(Dataset entries)
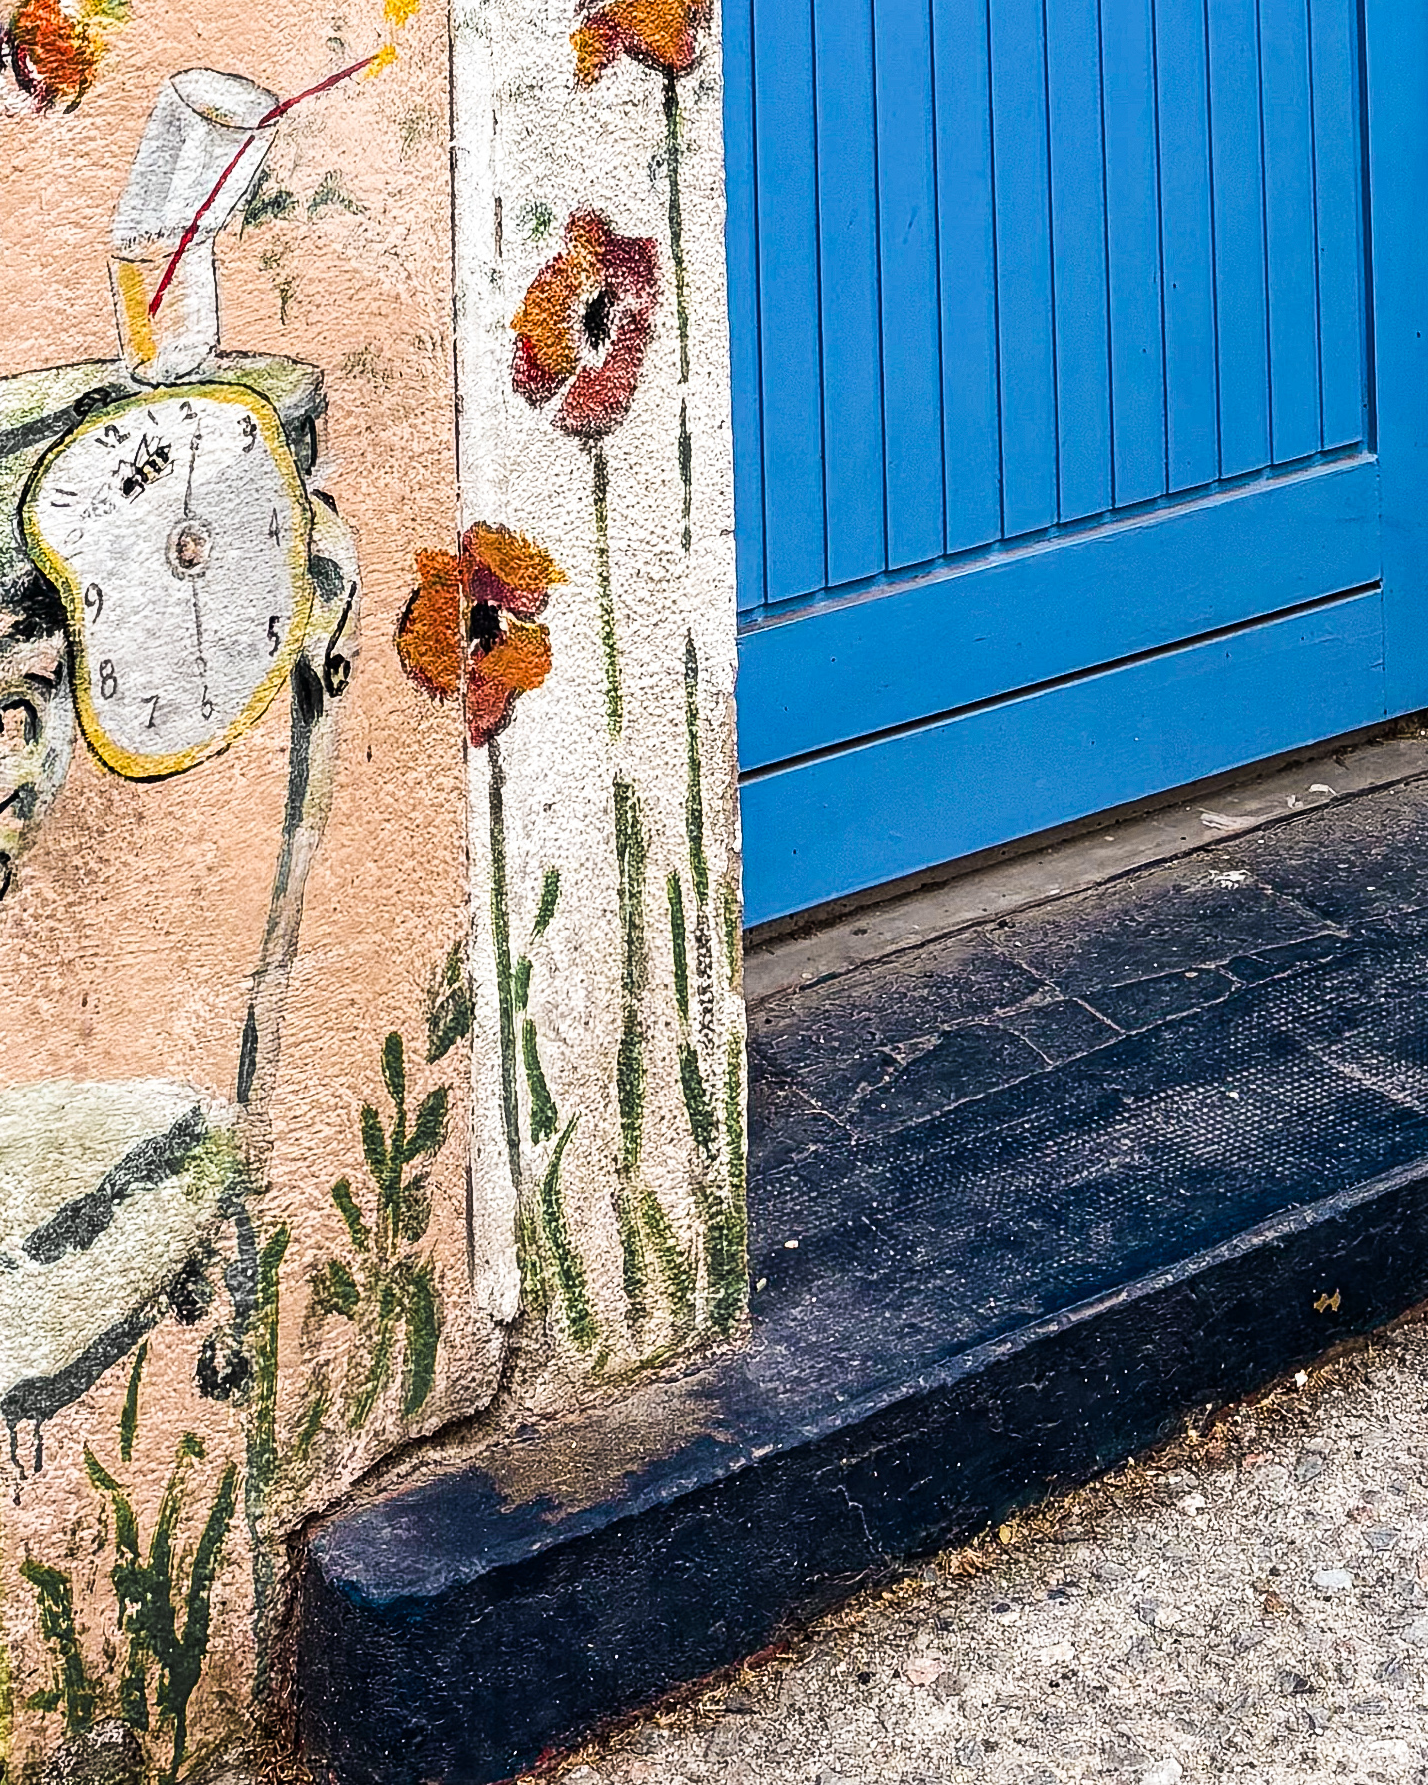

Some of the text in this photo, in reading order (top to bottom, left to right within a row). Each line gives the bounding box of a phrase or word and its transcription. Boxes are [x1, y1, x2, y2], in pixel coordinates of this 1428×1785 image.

[179, 400, 198, 422] 2
[94, 424, 131, 448] 12
[237, 414, 257, 453] 3
[84, 582, 104, 624] 9
[267, 615, 281, 656] 5
[99, 658, 117, 700] 8
[141, 693, 160, 730] 7
[201, 684, 215, 720] 6

* [Work order]
Your answer must be an exact repeat of the records above, with no pictures in it.

* [Answer box]
Some of the text in this photo, in reading order (top to bottom, left to right within a row). Each line gives the bounding box of a phrase or word and its transcription. Boxes are [x1, y1, x2, y2], in pixel coordinates of this 1428×1785 image.

[179, 400, 198, 422] 2
[94, 424, 131, 448] 12
[237, 414, 257, 453] 3
[84, 582, 104, 624] 9
[267, 615, 281, 656] 5
[99, 658, 117, 700] 8
[141, 693, 160, 730] 7
[201, 684, 215, 720] 6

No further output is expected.